What is required -
Each record should be copied exactly into the answer, and no picture should go with it.

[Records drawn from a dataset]
-----

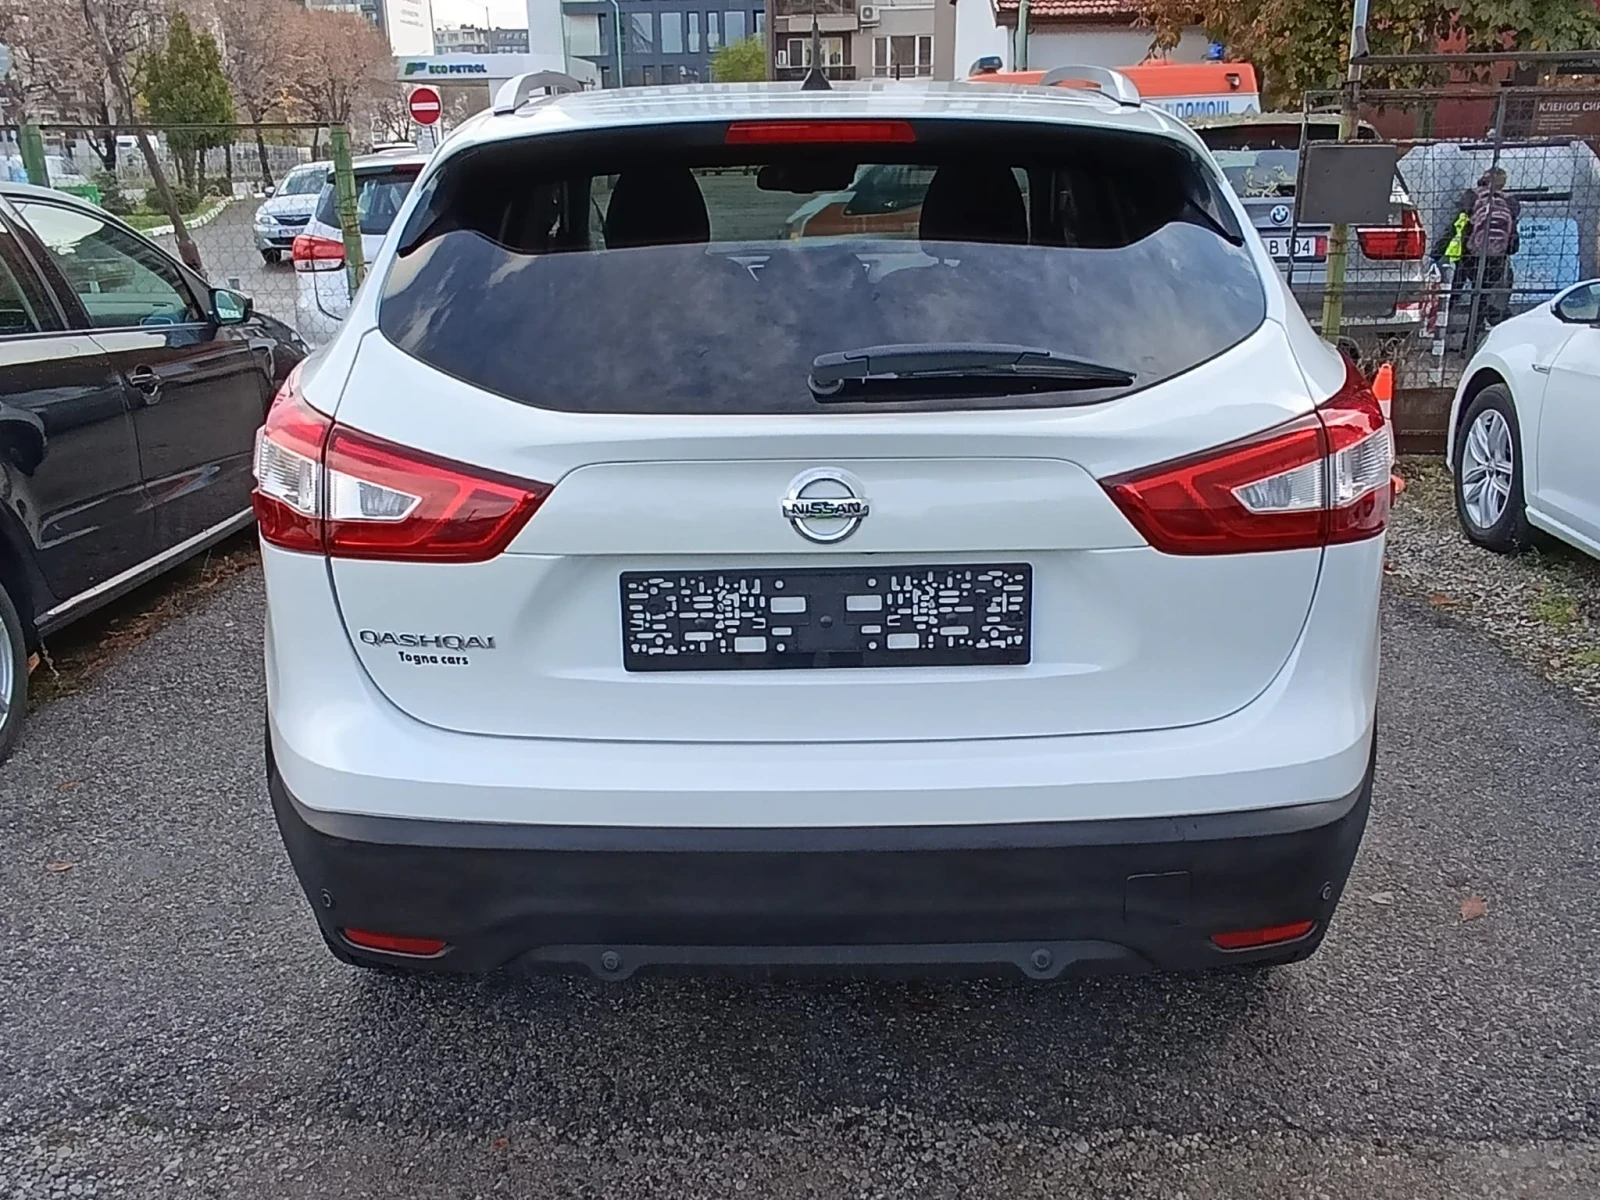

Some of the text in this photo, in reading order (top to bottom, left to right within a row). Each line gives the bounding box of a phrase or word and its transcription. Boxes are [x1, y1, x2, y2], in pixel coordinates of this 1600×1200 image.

[1538, 102, 1580, 112] КЛЕНОВ
[791, 501, 861, 515] NISSAN
[359, 629, 496, 652] QASHQAI
[398, 651, 469, 665] Togna cars

-----

Your solution -
Some of the text in this photo, in reading order (top to bottom, left to right within a row). Each line gives the bounding box of a phrase or word and its transcription. Boxes are [x1, y1, x2, y2], in pixel coordinates of this 1600×1200 image.

[1538, 102, 1580, 112] КЛЕНОВ
[791, 501, 861, 515] NISSAN
[359, 629, 496, 652] QASHQAI
[398, 651, 469, 665] Togna cars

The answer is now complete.